» Exercise objective
Write out every record below exactly as it stands, leaving the pictures out.

(Spatial localization data)
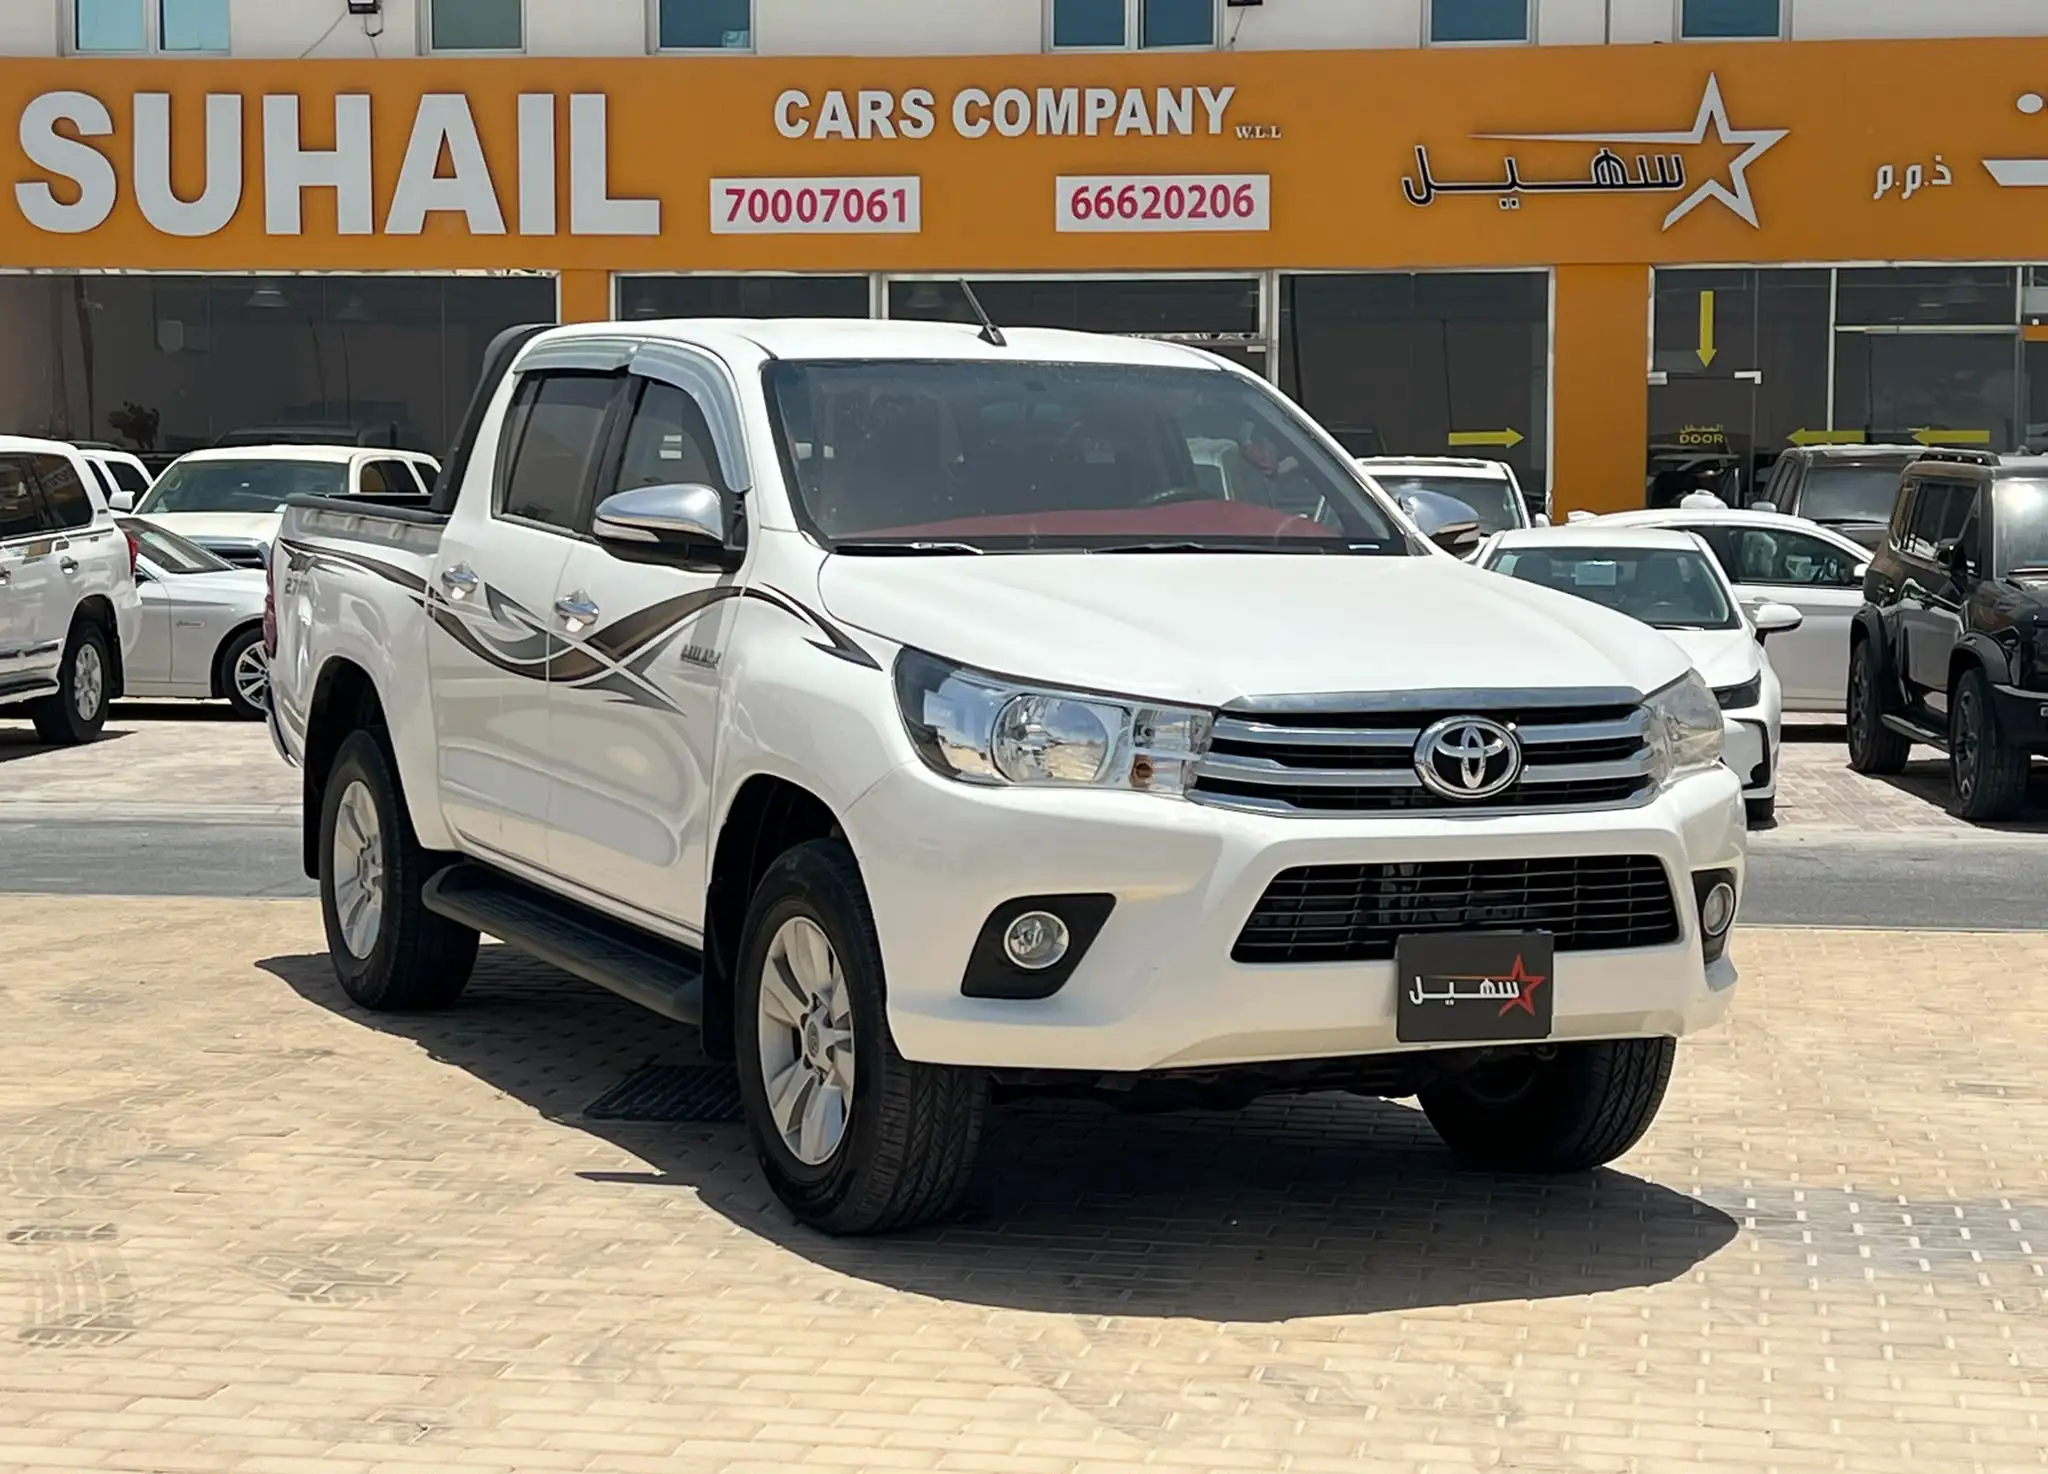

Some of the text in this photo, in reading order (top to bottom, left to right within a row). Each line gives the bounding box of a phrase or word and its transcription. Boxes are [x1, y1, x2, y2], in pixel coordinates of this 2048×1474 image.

[774, 88, 935, 139] CARS
[952, 87, 1236, 138] COMPANY
[14, 91, 662, 237] SUHAIL
[1402, 145, 1687, 210] سهيل
[725, 188, 905, 223] 70007061
[1071, 184, 1255, 219] 66620206
[1680, 434, 1724, 444] DOOR
[1409, 976, 1520, 1006] سهيل
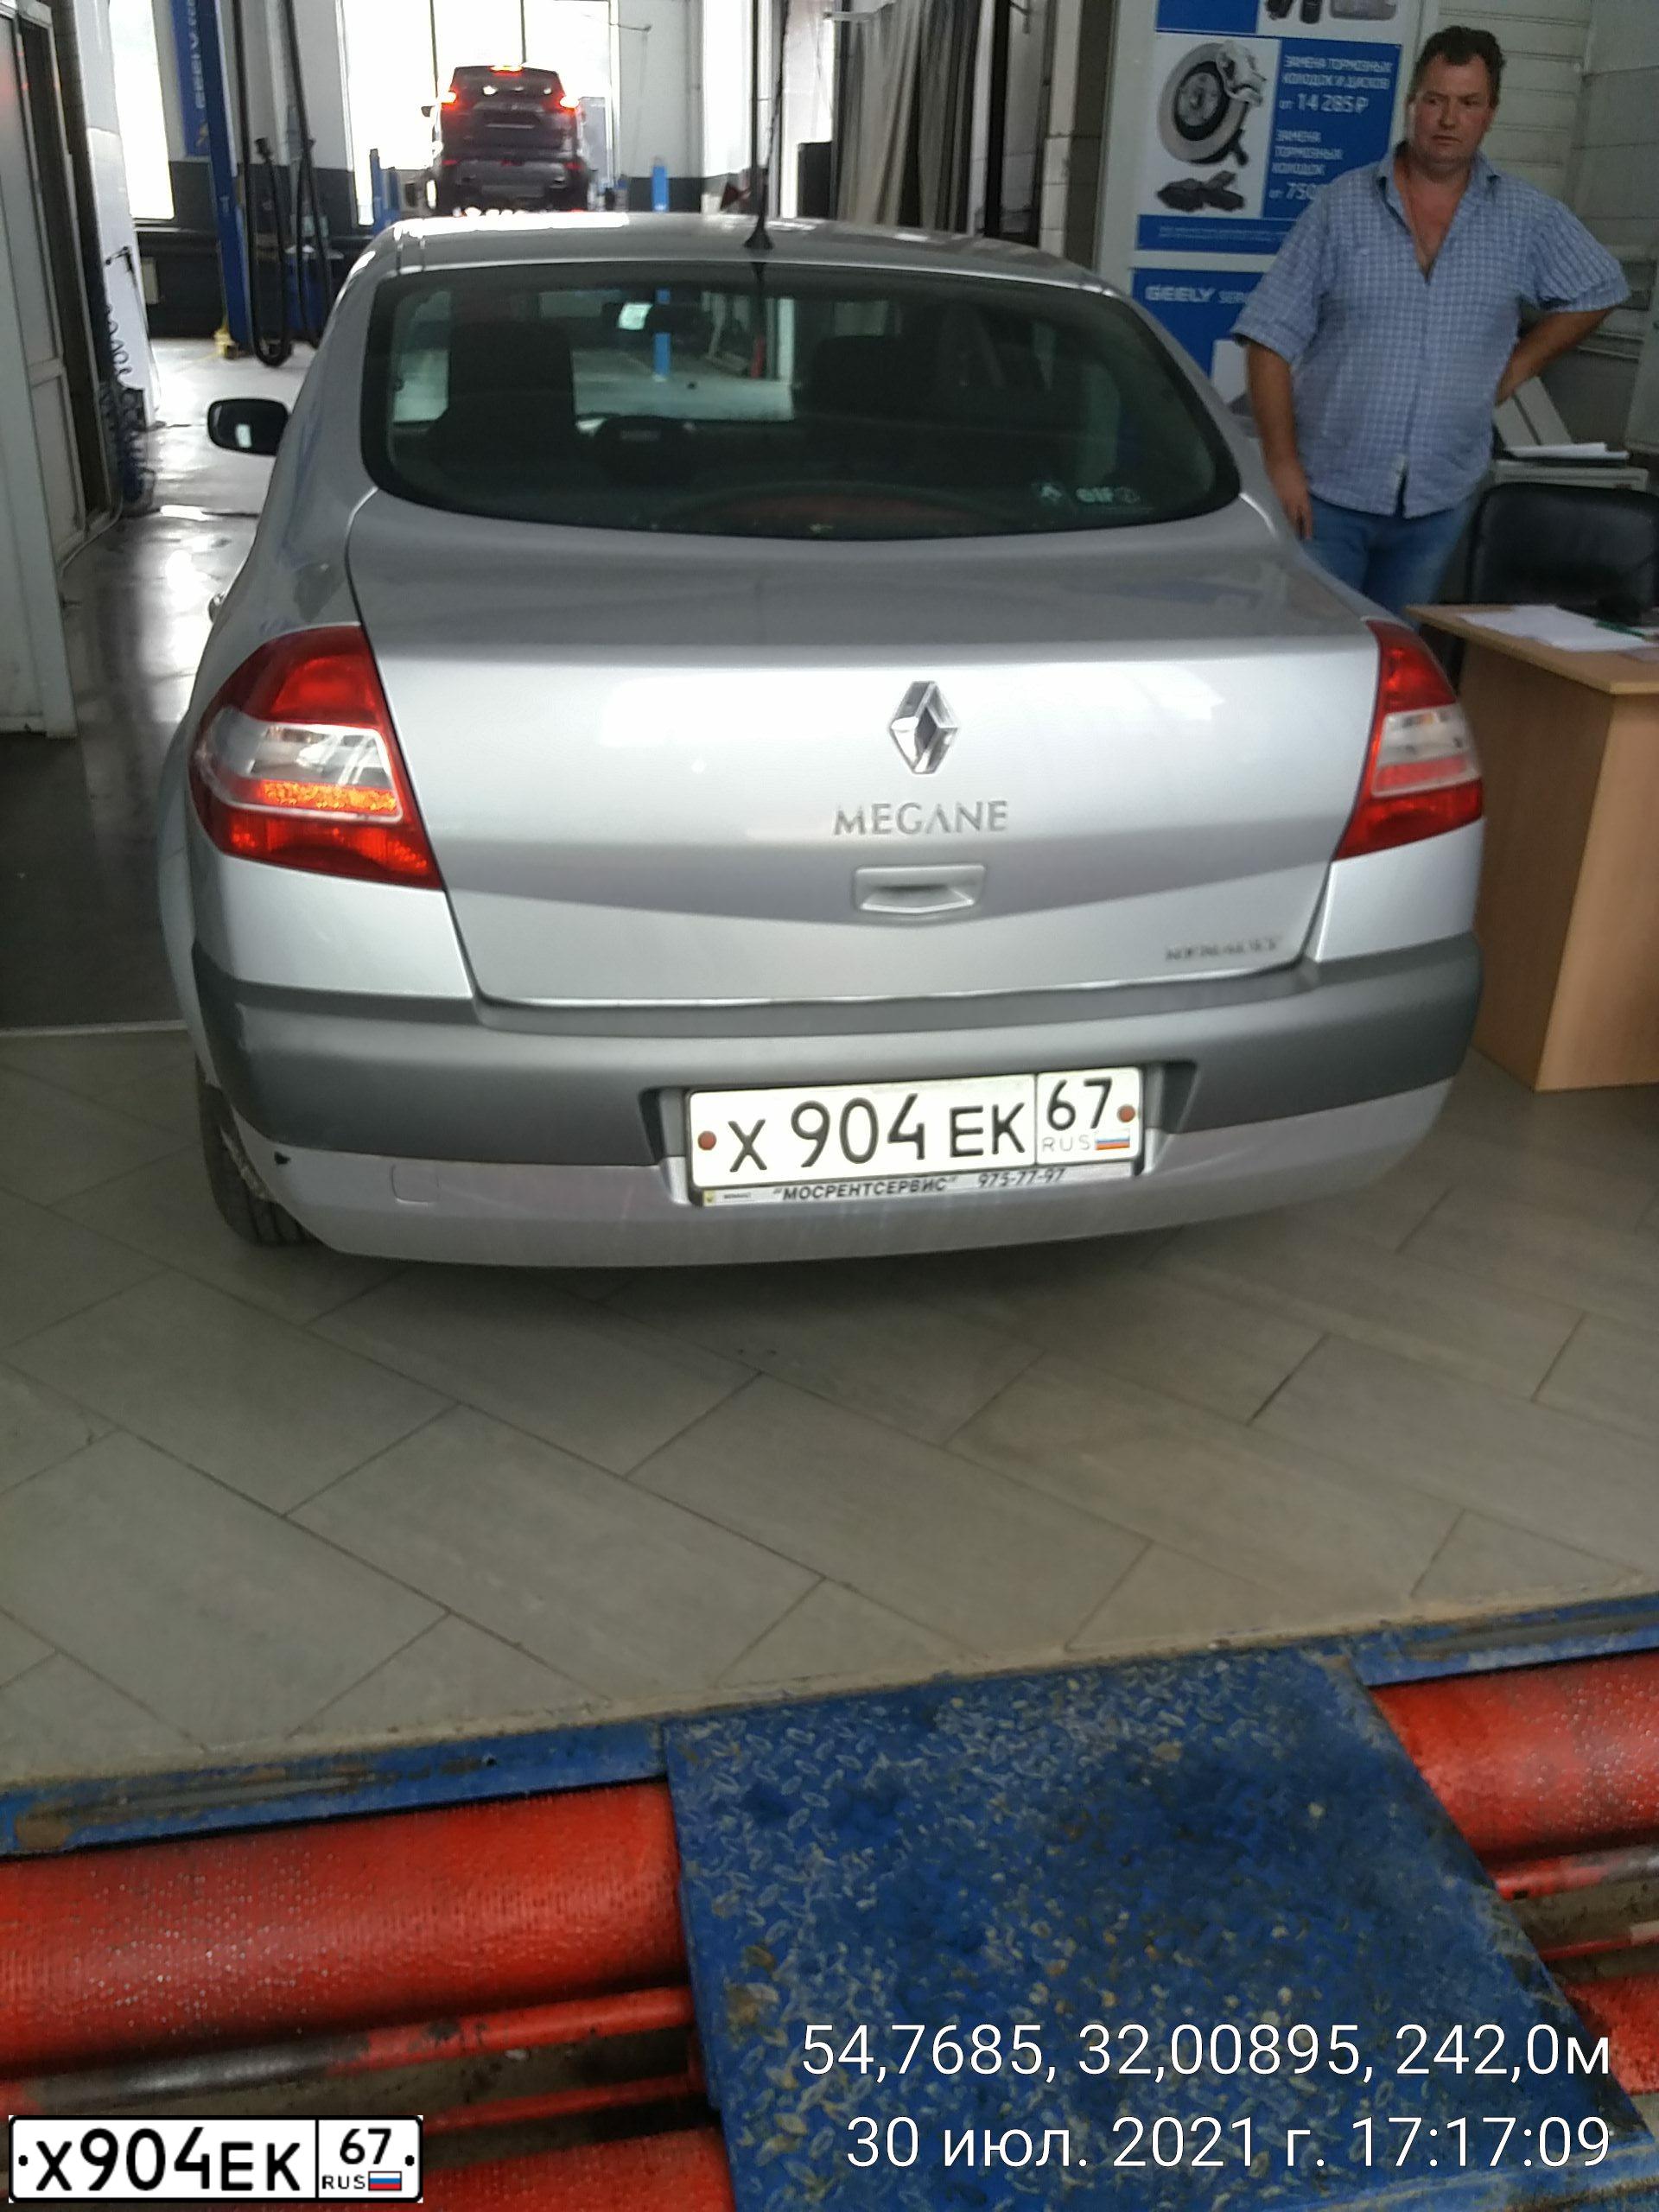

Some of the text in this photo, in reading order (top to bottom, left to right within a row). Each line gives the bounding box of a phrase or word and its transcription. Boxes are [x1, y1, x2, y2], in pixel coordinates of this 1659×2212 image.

» Answer box
Some of the text in this photo, in reading order (top to bottom, left to right within a row). Each line gives the bounding box of a phrase or word and its transcription. Boxes are [x1, y1, x2, y2], in pixel coordinates of this 2048×1474 image.

[774, 88, 935, 139] CARS
[952, 87, 1236, 138] COMPANY
[14, 91, 662, 237] SUHAIL
[1402, 145, 1687, 210] سهيل
[725, 188, 905, 223] 70007061
[1071, 184, 1255, 219] 66620206
[1680, 434, 1724, 444] DOOR
[1409, 976, 1520, 1006] سهيل

Some of the text in this photo, in reading order (top to bottom, left to right within a row). Each line gives the bounding box of a phrase or word and its transcription. Boxes are [x1, y1, x2, y2], in pixel coordinates of this 1659×2212 image.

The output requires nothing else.